Charley Blount, '23
Two internships launch senior’s career in affordable housing
Charley Blount, ’23, has thought a lot about how he can best address social ills. Two internships helped the Mississippi native find his answer: increase affordable housing.
“When you grow up in Jackson, Mississippi,” he said, “you are used to being last and being surrounded by problems, from crime, to education, to food insecurity, to water and sewer issues. These problems are all linked to where you live. Many people don’t have access to safe, affordable housing.”
With the support of a UR Summer Fellowship, Blount, a leadership studies and political science double major, explored this issue during his summer 2021 internship with Culleywood Capital.

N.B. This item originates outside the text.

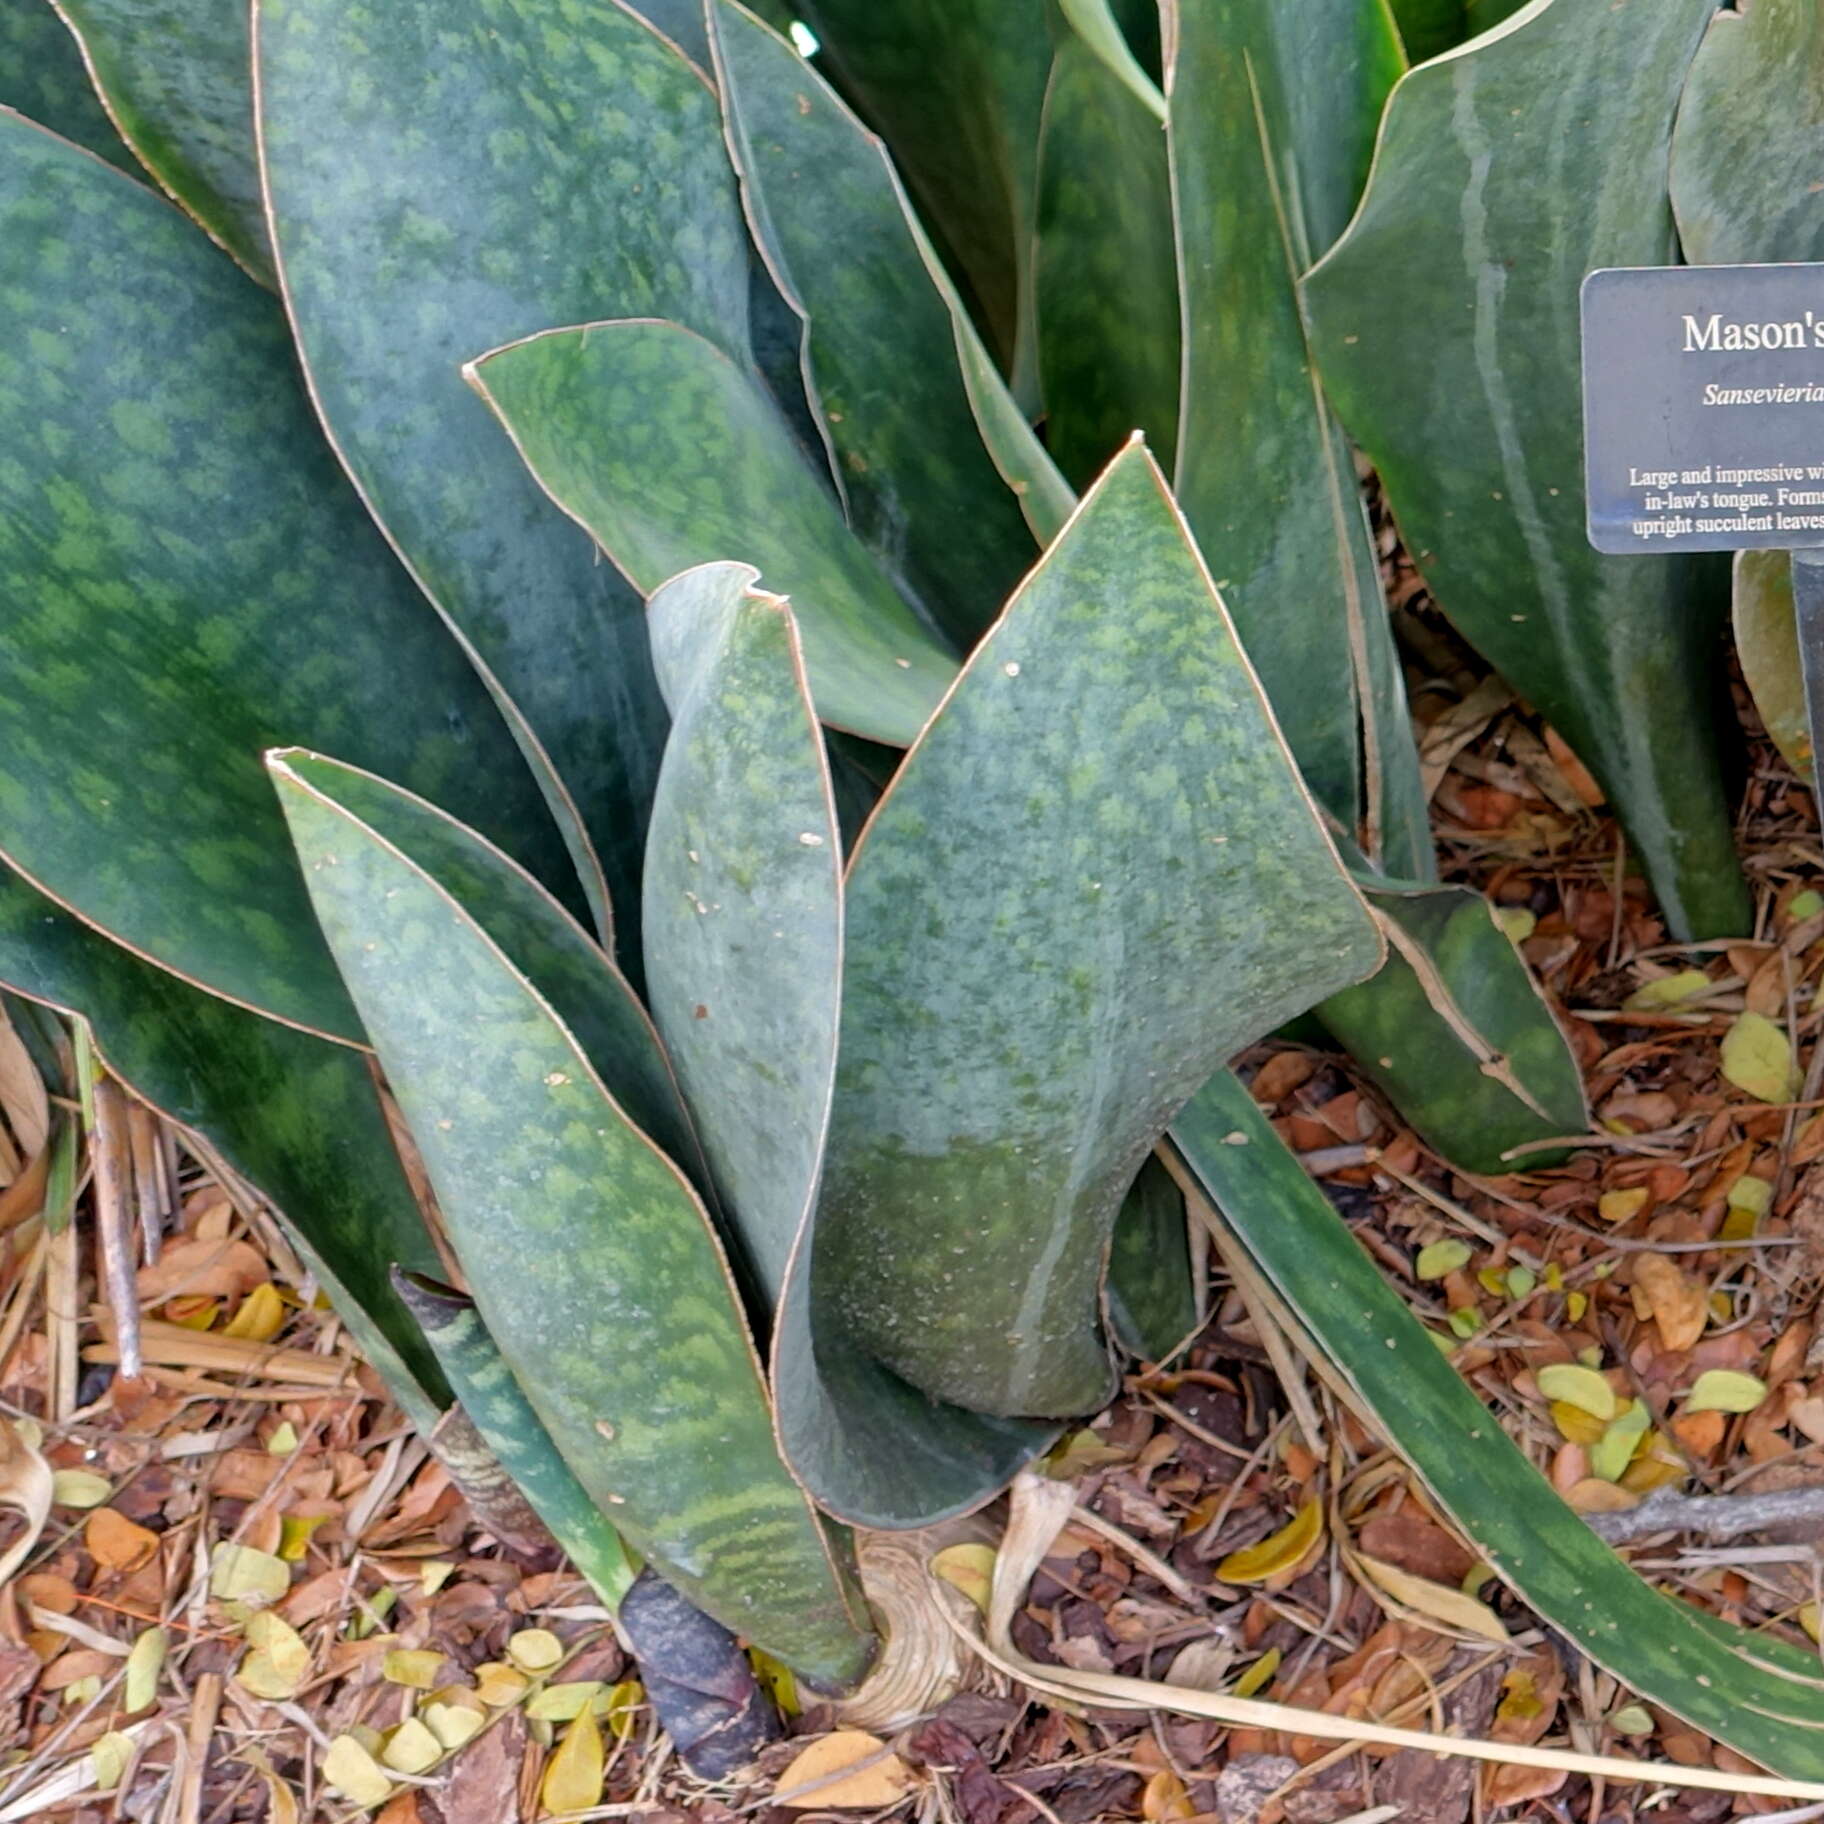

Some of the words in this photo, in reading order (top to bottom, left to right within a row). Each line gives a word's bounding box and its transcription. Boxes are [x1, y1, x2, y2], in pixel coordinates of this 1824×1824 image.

The community development financial institution supports underserved people and businesses in the Greater Mississippi Delta.

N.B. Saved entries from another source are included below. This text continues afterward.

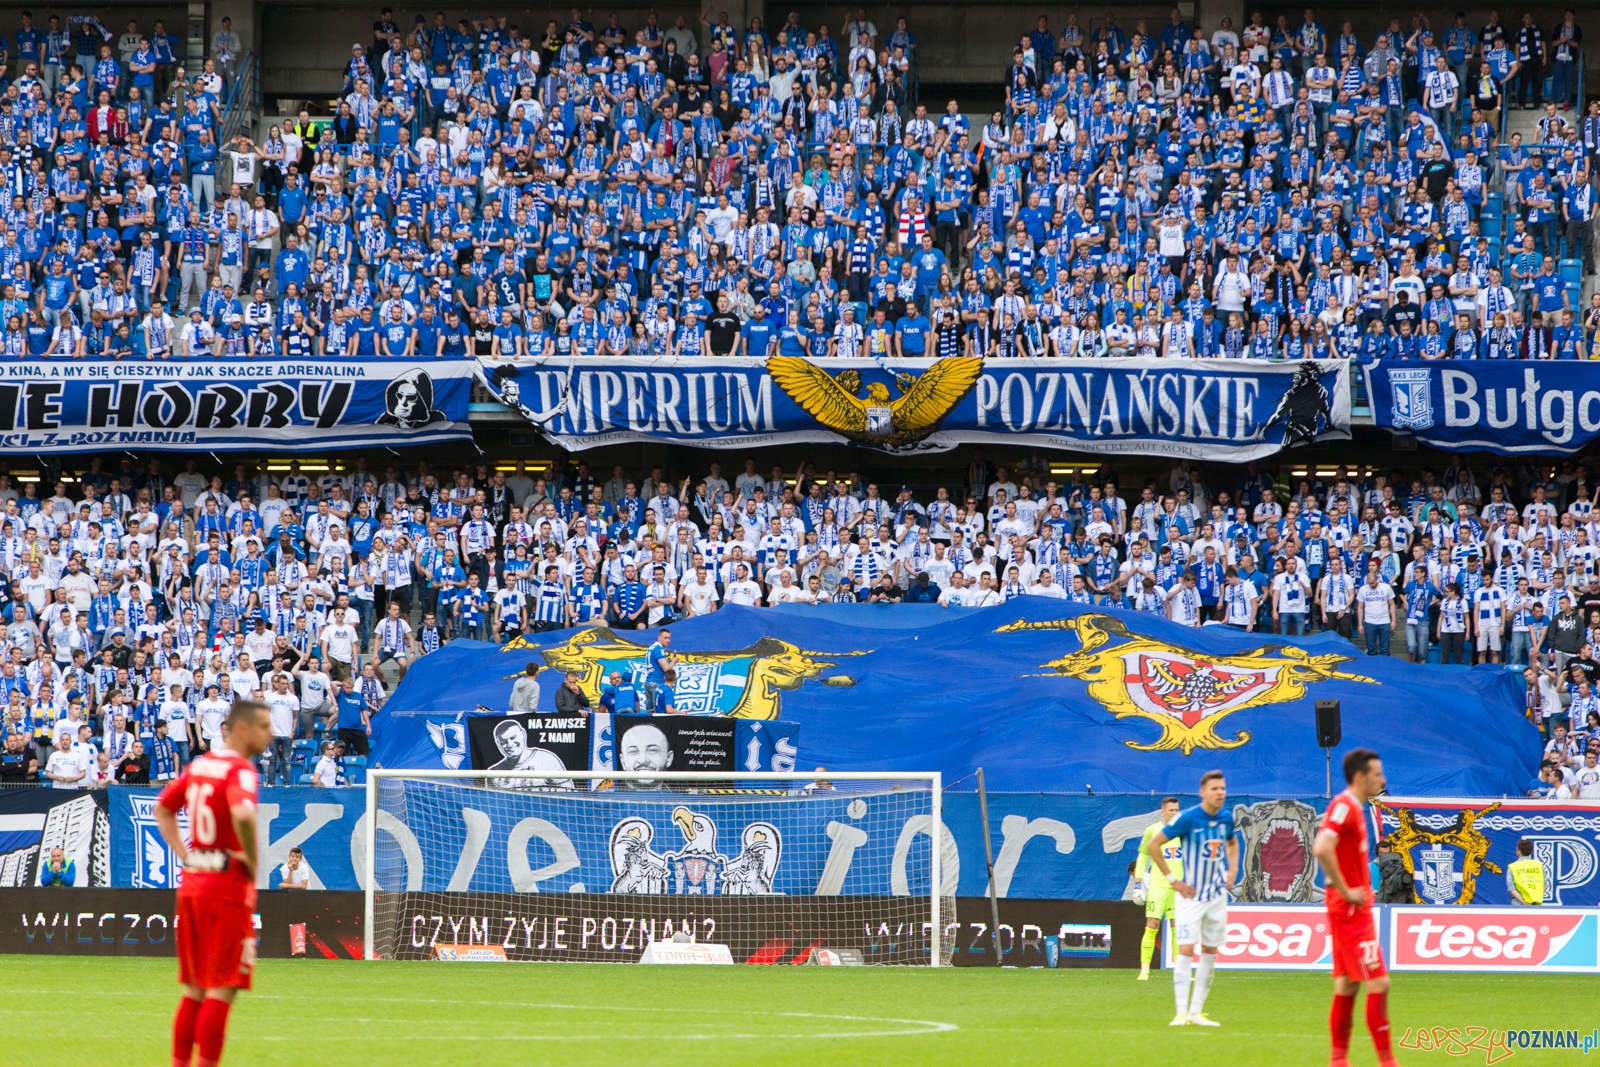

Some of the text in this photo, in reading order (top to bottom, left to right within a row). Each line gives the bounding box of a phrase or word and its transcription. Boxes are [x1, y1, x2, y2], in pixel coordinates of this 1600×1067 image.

[9, 366, 46, 378] KINA,
[50, 367, 60, 376] A
[64, 367, 84, 376] MY
[88, 366, 109, 379] SIĘ
[113, 365, 183, 376] CIESZYMY
[187, 366, 214, 376] JAK
[218, 366, 273, 377] SKACZE
[278, 365, 366, 377] ADRENALINA
[1393, 371, 1426, 379] KKS LECH
[88, 380, 355, 429] HOBBY
[535, 369, 779, 436] IMPERIUM
[976, 368, 1261, 441] POZNAŃSKIE
[41, 433, 59, 446] Z
[70, 431, 196, 444] POZNANIA
[1048, 438, 1069, 446] AUT
[1134, 443, 1158, 451] AUT
[1161, 445, 1193, 455] MORI
[528, 718, 586, 729] NA ZAWSZE
[539, 732, 576, 743] Z NAMI
[1165, 847, 1182, 860] STS
[1202, 841, 1223, 859] STS
[1516, 867, 1540, 876] STEWARD
[412, 914, 489, 948] CZYM
[503, 910, 568, 949] ŻYJE
[440, 948, 457, 960] STS

Blount and Culleywood’s two full-time employees worked directly with low-income clients, offering them single-housing rentals. “We accepted government-housing vouchers, which many landlords don’t,” he said. “I learned just how serious our affordable-housing shortage is.”
Last summer, he undertook his Jepson School of Leadership Studies internship as a multifamily credit and underwriting intern at the Federal Home Loan Mortgage Corporation, commonly known as Freddie Mac. The government-sponsored enterprise increases the supply of money available for mortgage lending. It is also a Fortune 100 company with over $3 trillion in assets and nearly 7,000 employees.
Historically, more than 90 percent of the eligible rental units Freddie Mac funds are affordable to families with low-to-moderate incomes earning up to 120 percent of area median income, according to the company’s website.
“During my first week at Freddie Mac, I worked with employees who reviewed $600 million in housing proposals in a single day,” Blount said. “It is encouraging to see money being pumped into affordable housing. We are building housing where it is needed, for people who need it. This gives me hope.”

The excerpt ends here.